The ‘Powerhouse’ Arizona Route 66 Museum is located on the second floor of the old Powerhouse Building, which also serves as a visitor center and gift shop. The Powerhouse is Arizona’s oldest known reinforced concrete building, which generated electricity from 1909 to 1938. It was renovated to its current use in 1997. Thousands of visitors from around the world travel on historic Route 66 for adventure, nostalgia, history, and education. 

Mine tools exhibit from local mines at the Arizona Route 66 Museum.The museum displays include vehicles from pioneer wagons to electric cars, photographs, and artifacts covering the history of Route 66, known as “The Mother Road,” from the wagon trail to the present day. An exhibit about twenty-seven local mines includes an open mine shaft and mine tools. A mineral display features local gold ores, quartz and chalcedony, chrysocolla, and galena. 

Visitors can watch a one-hour movie at the small theater and learn about the colorful history of the “heart” of Route 66, which includes the towns of Seligman and Kingman. The Route 66 Museum is open daily from 9 am to 4 pm.

Across the street is the Locomotive Park, where Steam Engine #3759 is stationed. Nearby is the Kingman Railroad Museum. 

Mohave Museum of History & Arts

For an in-depth understanding of the local history, visit the Mohave Museum of History & Arts, founded in 1961. The museum shares the history of “The Forgotten Ones” and Mohave, Hualapai, Chemehuevi, and Paiute Indian tribes, with pottery, dioramas, manos-and-metate displays, and arrowheads. 

A 19th century La Haye steam engine.A great exhibit, “Mines & Ghost Towns,” gives details about the local mining.
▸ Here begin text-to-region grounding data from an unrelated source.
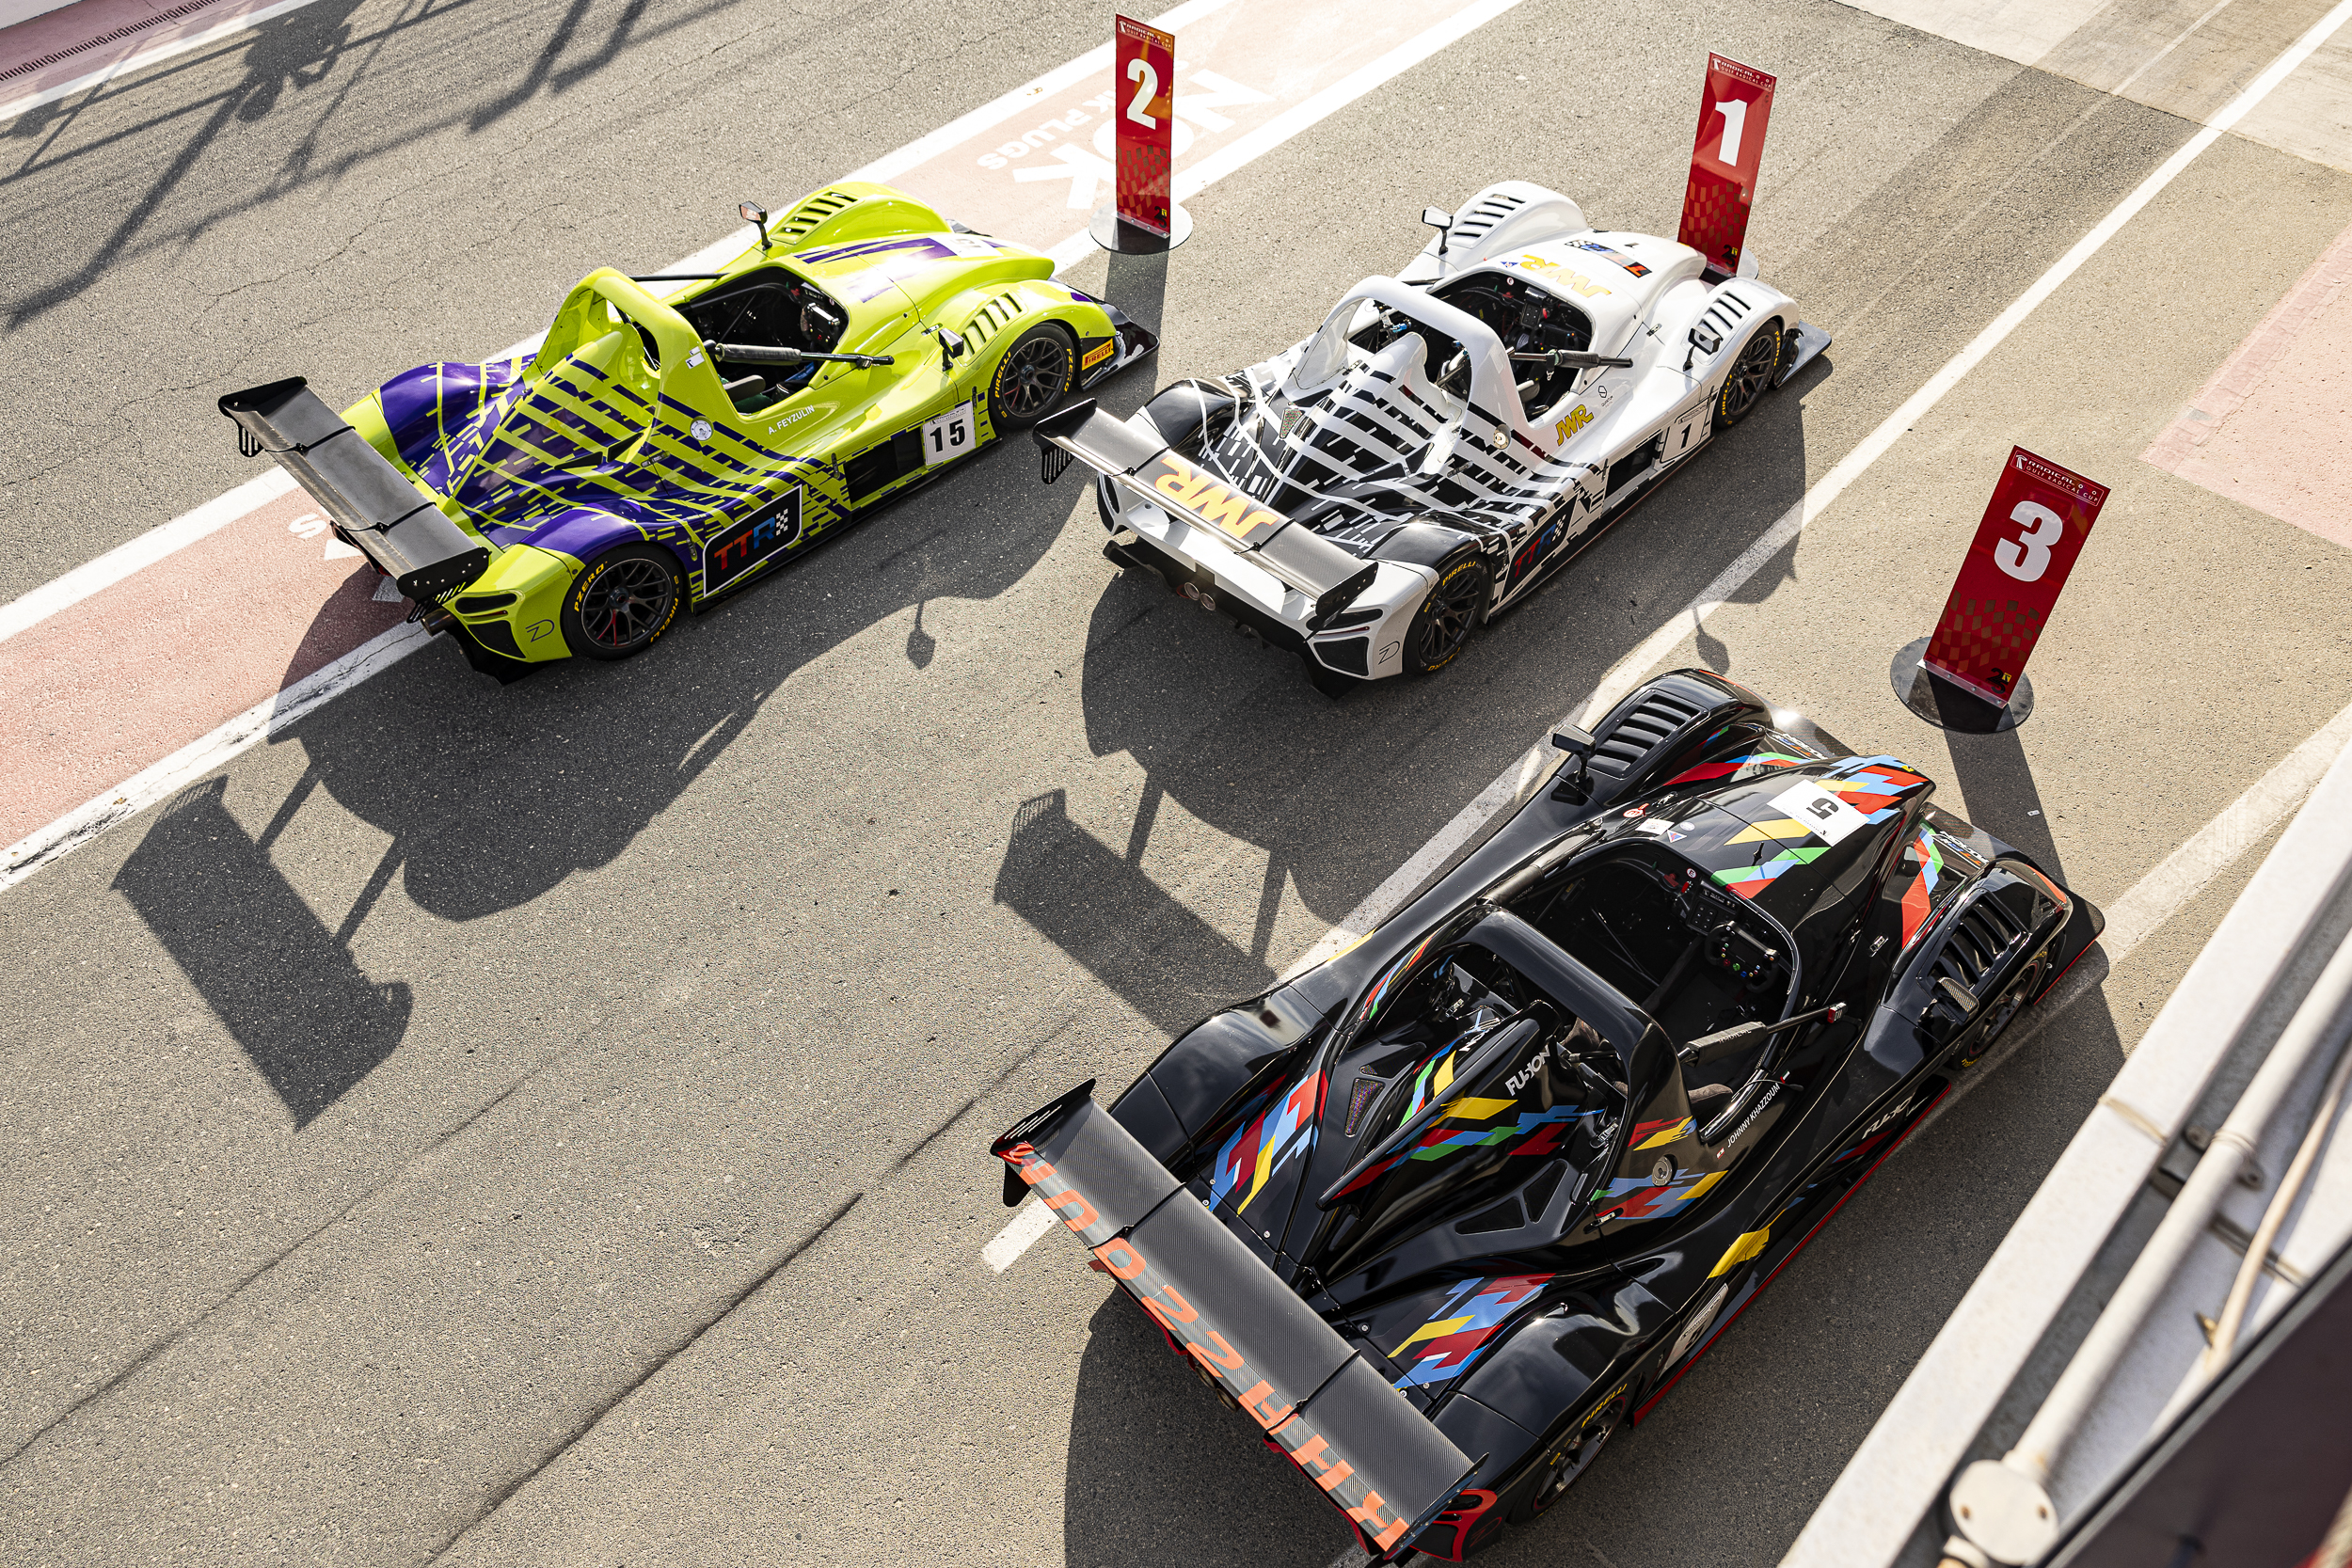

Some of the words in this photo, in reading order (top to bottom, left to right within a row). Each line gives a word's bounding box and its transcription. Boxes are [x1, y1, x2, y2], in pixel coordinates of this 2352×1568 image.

[1127, 58, 1158, 130] 2
[977, 108, 1092, 170] PLUGS
[1715, 99, 1747, 166] 1
[1520, 254, 1613, 298] JWR
[994, 352, 1011, 398] PIRELLI
[1085, 343, 1111, 366] PIRELLI
[768, 425, 777, 436] A.
[777, 405, 815, 431] FEYZULIN
[930, 419, 965, 452] 15
[1555, 404, 1595, 447] JWR
[1680, 422, 1692, 450] 1
[2026, 466, 2044, 477] GULF
[2047, 475, 2080, 494] RADICAL
[2082, 492, 2098, 502] CUP
[2028, 460, 2075, 485] RADICAL
[1155, 455, 1279, 539] JWR
[714, 516, 776, 570] TTR
[1515, 523, 1557, 578] TTR
[1994, 500, 2063, 582] 3
[1442, 562, 1476, 586] PIRELLI
[1805, 797, 1839, 820] 5
[1505, 1044, 1550, 1097] FUSION
[1727, 1117, 1751, 1148] JOHNNY
[1750, 1083, 1781, 1121] KHAZZOUM
[1581, 1384, 1628, 1428] PIRELLI
It features a 19th-century La Haye steam engine invented by French Gustave Pierre Trouvé, and a miner’s cabin diorama with a gold-catching dry washer. A nice mineral collection from the Hackberry Mine, the first silver mine in the county, shares the story of its discovery and development in the 1870s by four miners, including W.B. Widenour, who found the mineral outcropping near a hackberry tree. Gold and copper were also mined there, and a five-stamp mill was built there. Sadly, by 1919, the ore veins dwindled and the mines closed.  

I loved the small, carefully curated displays of agate and honey onyx from North Stockton Hill, as well as the silver, gold ore, and hematite specimens from the White Hills Mine, which were discovered in 1892. Unfortunately, that mine was sold off after a 1899 flash flood that completely filled the shafts. Tungsten and molybdenum were discovered at the Boriana mine, which opened in 1908 but closed in 1962. A case full of gold ore samples from the Goldroad and Oatman mines, and another case featuring crucibles for melting bullion samples are also on display. 
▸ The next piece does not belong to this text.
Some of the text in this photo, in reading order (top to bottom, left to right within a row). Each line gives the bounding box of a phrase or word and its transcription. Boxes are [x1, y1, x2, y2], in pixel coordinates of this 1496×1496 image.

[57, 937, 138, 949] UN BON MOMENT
A photographic exhibit of the mines in Oatman includes the Tom Reed Mine, discovered in 1908. By 1925, it paid over $2,000.000 ($50,000.000 today) in dividends to its shareholders. The mine had a ten-stamp mill. It closed in 1942 when the government closed all gold mines due to the war effort.  
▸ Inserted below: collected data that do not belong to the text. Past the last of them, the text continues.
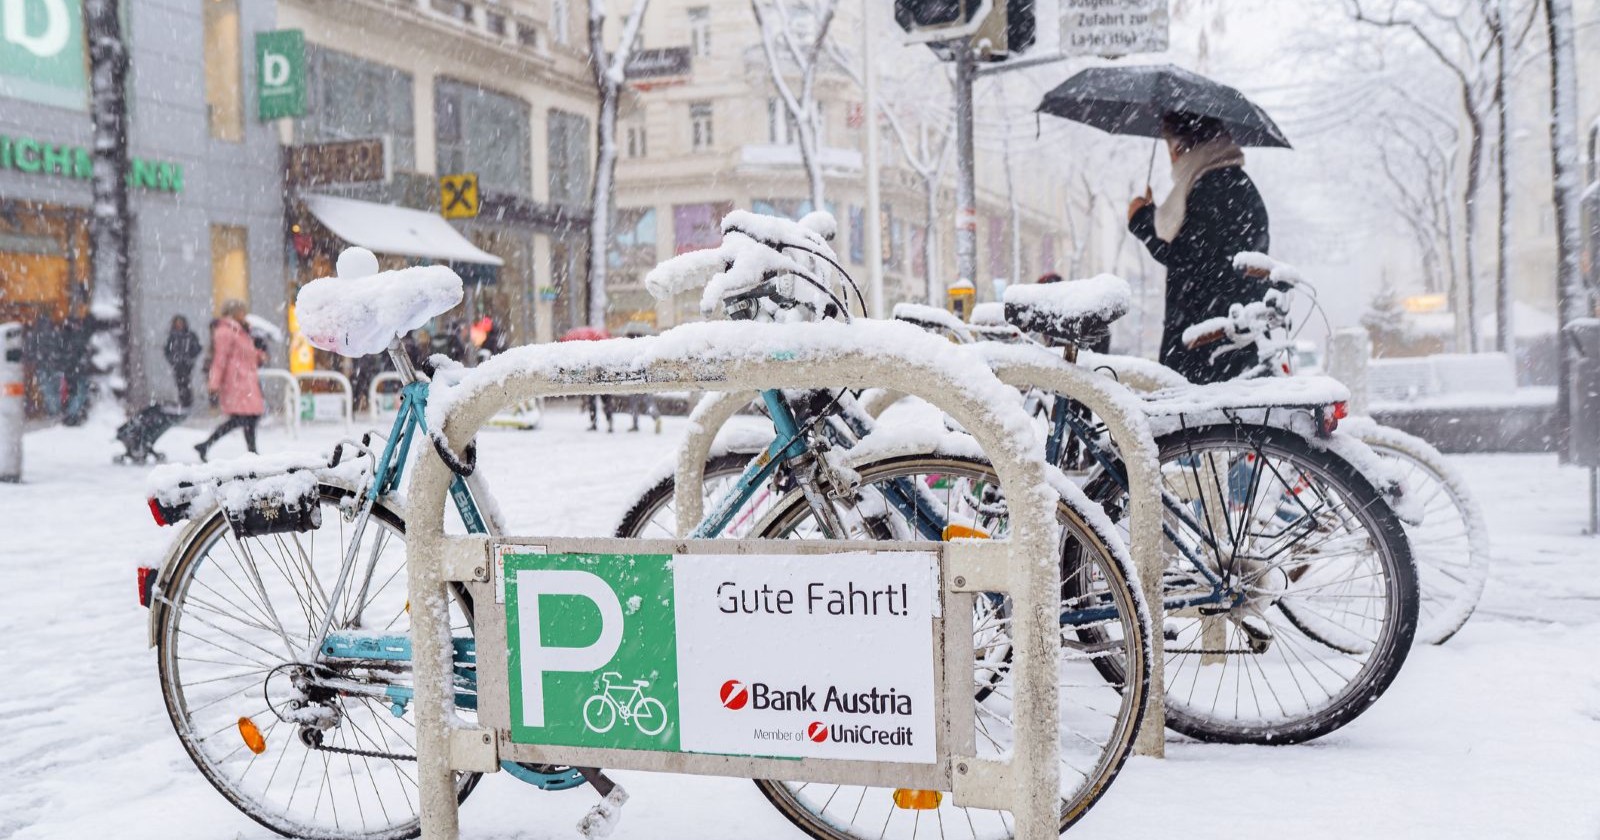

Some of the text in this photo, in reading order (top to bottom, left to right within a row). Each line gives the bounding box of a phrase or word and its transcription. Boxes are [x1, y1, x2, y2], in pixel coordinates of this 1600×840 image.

[263, 51, 291, 86] b
[717, 582, 908, 616] Gute Fahrt!
[516, 570, 624, 728] P
[752, 683, 913, 715] Bank Austria
[753, 724, 913, 746] Member of UniCredit
Another case is filled with minerals from Mineral Park. The mine is named after its park-like setting of cedar trees in a mineral-rich basin at the foot of Ithaca Peak. Silver was discovered in 1870, and by 1877, there were over 700 permanent residents with doctors, lawyers, a school, a hotel, shops, saloons, and opium dens. By the mid-1880s, the rich silver ore began to play out, and prices dropped. In 1902, an extremely large and rich body of ore was discovered in Mineral Park by a woman miner, Mrs. Cordelia Kay, who reportedly did everything at the mine – cut the fuse, bit the cap, tamped the powder, and returned into the smoke to see the results. She was very successful mining turquoise, especially at her Ostrich Copper Mine. A beautiful photo of her, sitting erect on her horse while inspecting the mines, is on display. 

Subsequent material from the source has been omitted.